# YOUR TASK
Your job is to return the whole listing unchanged while skipping its images.

# SUPPLIED INFORMATION

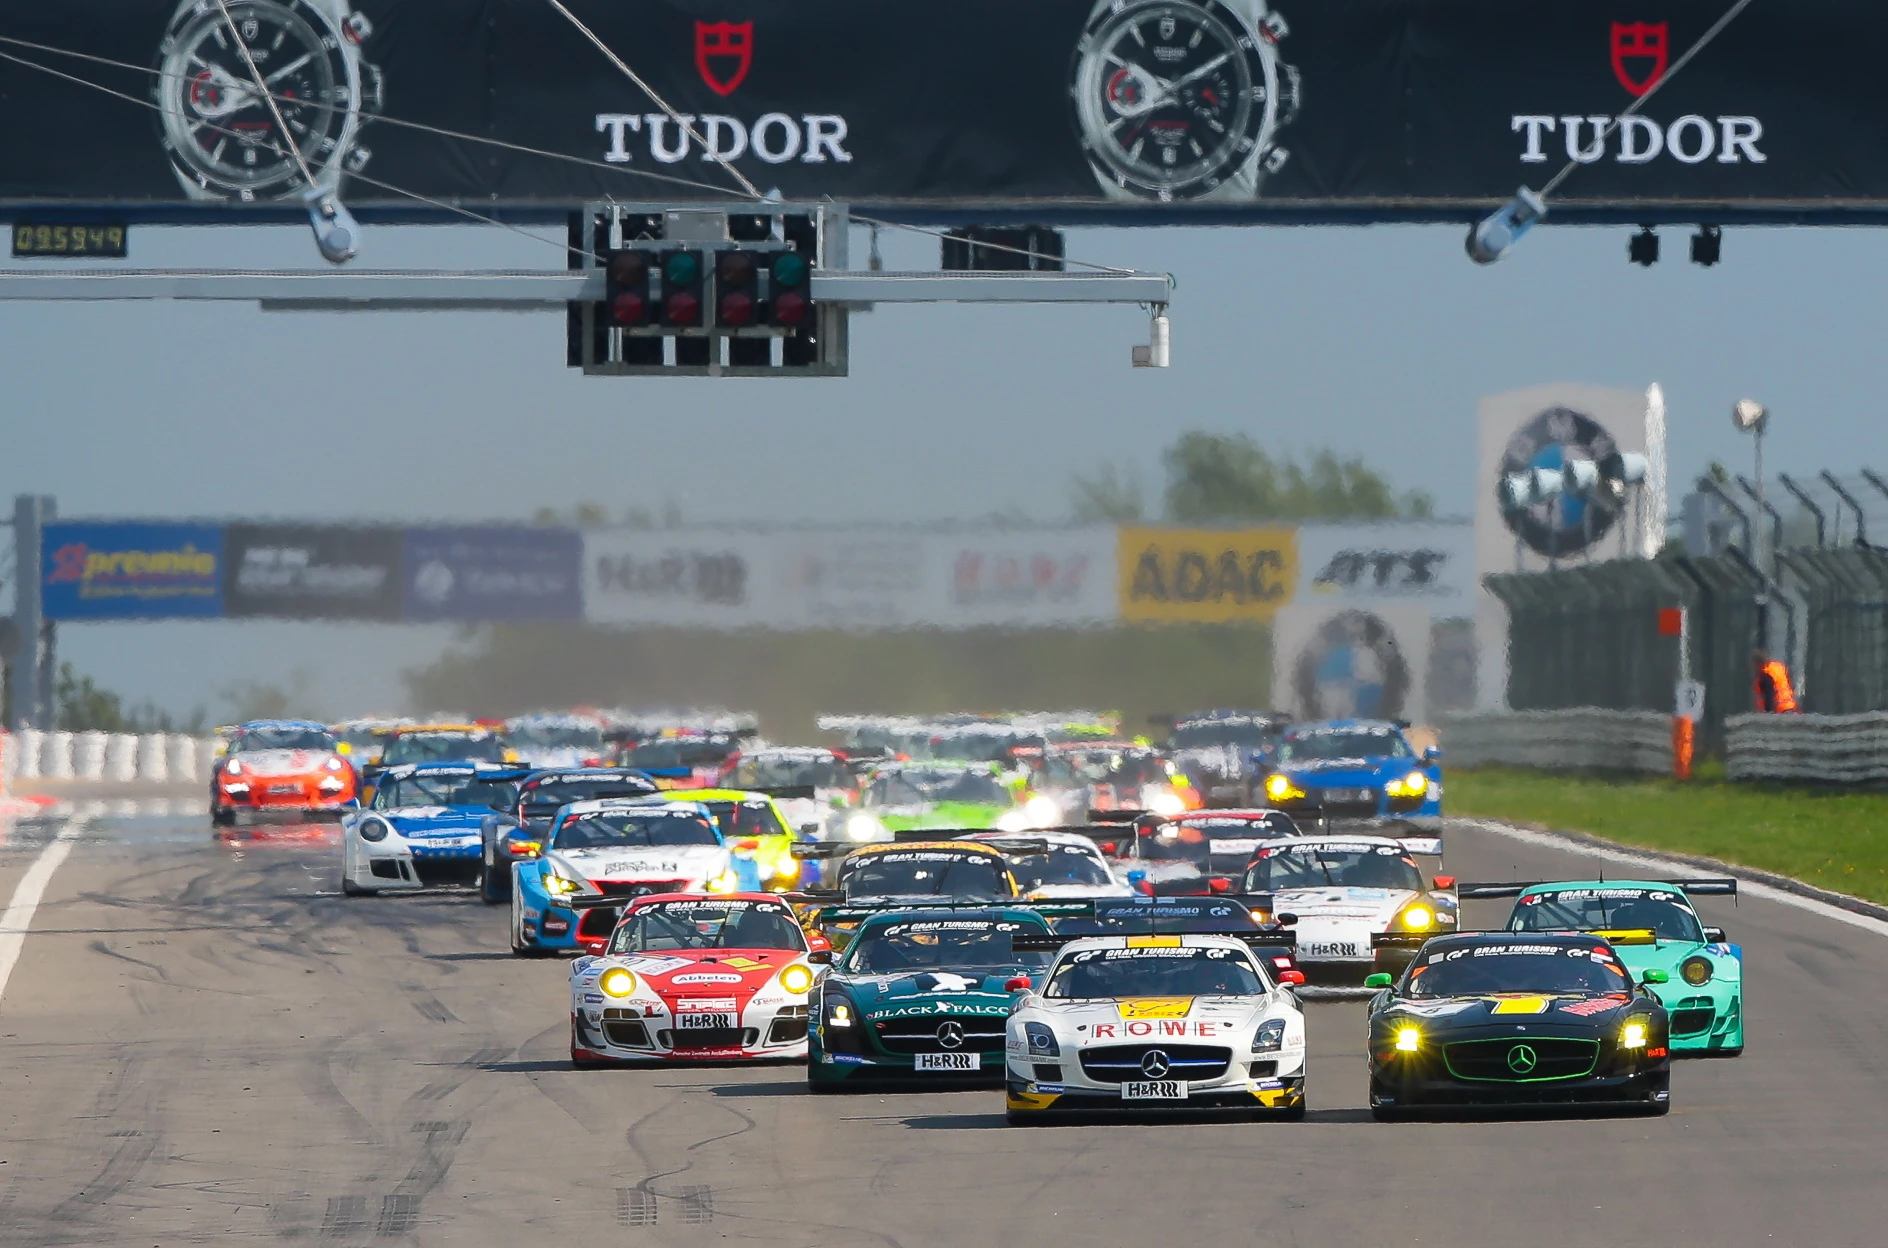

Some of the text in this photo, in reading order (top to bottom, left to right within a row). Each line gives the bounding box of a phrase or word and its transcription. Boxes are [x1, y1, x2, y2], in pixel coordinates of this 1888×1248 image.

[595, 112, 853, 165] TUDOR
[1511, 114, 1767, 164] TUDOR
[1131, 546, 1285, 603] ADAC
[700, 900, 749, 908] TURISMO
[911, 923, 941, 931] GRAN
[1105, 948, 1139, 957] GRAN
[1143, 947, 1197, 956] TURISMO
[1474, 945, 1506, 954] GRAN
[1509, 944, 1559, 953] TURISMO
[874, 1006, 932, 1019] BLACK
[1096, 1021, 1217, 1038] ROWE
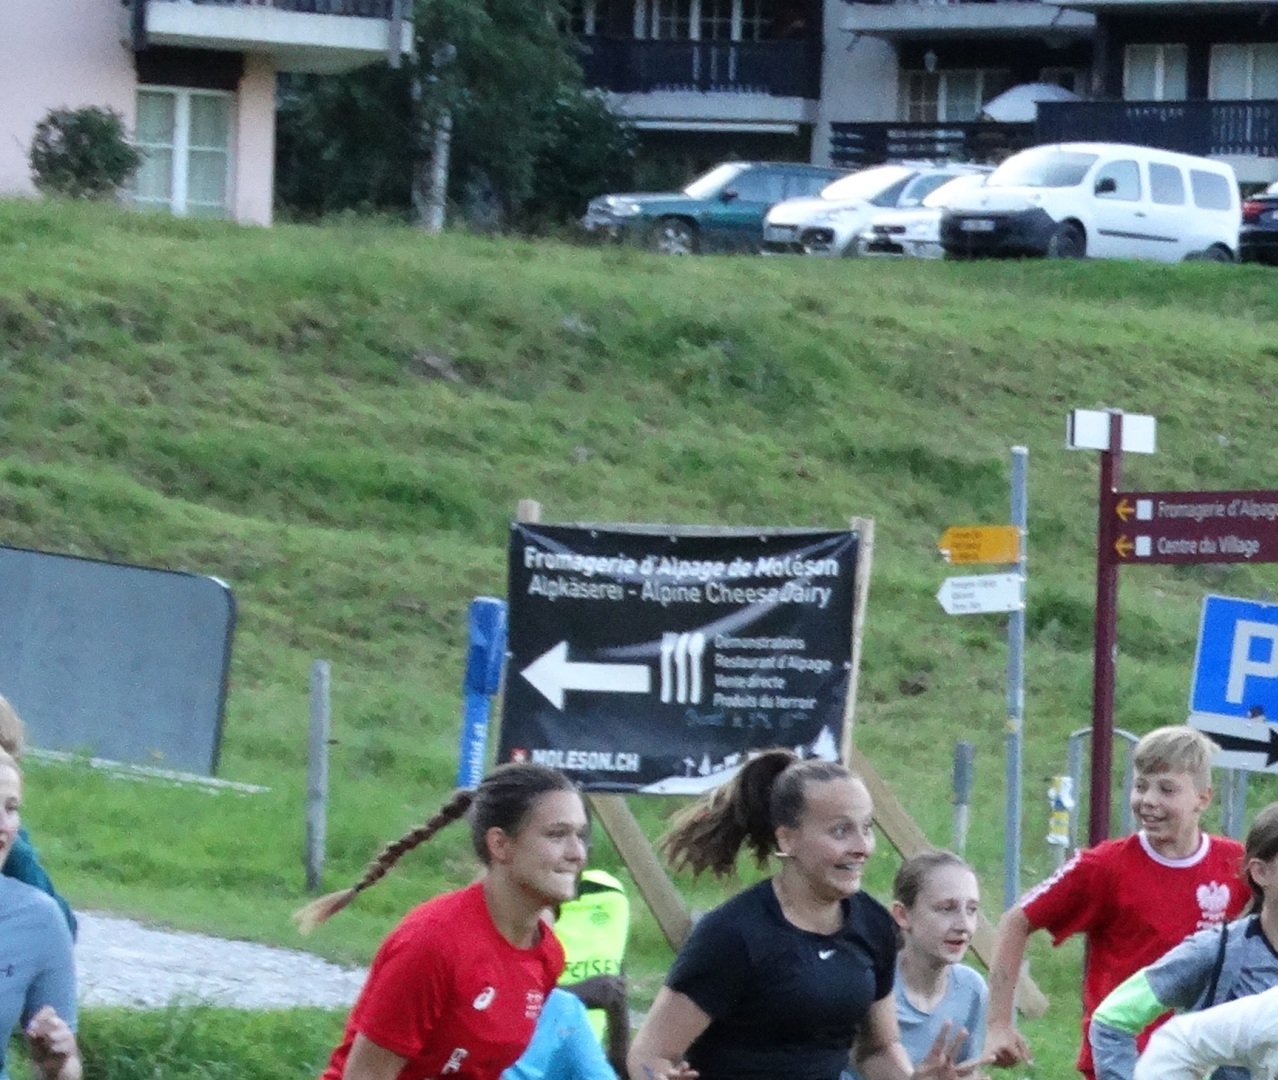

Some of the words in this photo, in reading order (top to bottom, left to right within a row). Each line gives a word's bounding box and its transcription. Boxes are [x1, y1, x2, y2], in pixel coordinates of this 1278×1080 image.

[1158, 500, 1226, 522] Fromagerie
[1157, 536, 1197, 554] Centre
[1199, 536, 1217, 554] du
[1218, 535, 1260, 558] Village
[524, 546, 637, 577] Fromagerie
[639, 555, 726, 581] d'Alpage
[727, 557, 753, 577] de
[528, 574, 625, 602] Alpkäserei
[641, 579, 700, 605] Alpine
[706, 582, 778, 604] Cheese
[779, 582, 832, 609] Dairy
[714, 653, 775, 669] Restaurant
[713, 693, 757, 708] Produits
[758, 694, 774, 708] du
[531, 748, 640, 772] MOLESON.CH

# EXERCISE ANSWER
Some of the text in this photo, in reading order (top to bottom, left to right within a row). Each line gives the bounding box of a phrase or word and its transcription. Boxes are [x1, y1, x2, y2], in pixel coordinates of this 1888×1248 image.

[595, 112, 853, 165] TUDOR
[1511, 114, 1767, 164] TUDOR
[1131, 546, 1285, 603] ADAC
[700, 900, 749, 908] TURISMO
[911, 923, 941, 931] GRAN
[1105, 948, 1139, 957] GRAN
[1143, 947, 1197, 956] TURISMO
[1474, 945, 1506, 954] GRAN
[1509, 944, 1559, 953] TURISMO
[874, 1006, 932, 1019] BLACK
[1096, 1021, 1217, 1038] ROWE

Some of the words in this photo, in reading order (top to bottom, left to right within a row). Each line gives a word's bounding box and its transcription. Boxes are [x1, y1, x2, y2], in pixel coordinates of this 1278×1080 image.

[1158, 500, 1226, 522] Fromagerie
[1157, 536, 1197, 554] Centre
[1199, 536, 1217, 554] du
[1218, 535, 1260, 558] Village
[524, 546, 637, 577] Fromagerie
[639, 555, 726, 581] d'Alpage
[727, 557, 753, 577] de
[528, 574, 625, 602] Alpkäserei
[641, 579, 700, 605] Alpine
[706, 582, 778, 604] Cheese
[779, 582, 832, 609] Dairy
[714, 653, 775, 669] Restaurant
[713, 693, 757, 708] Produits
[758, 694, 774, 708] du
[531, 748, 640, 772] MOLESON.CH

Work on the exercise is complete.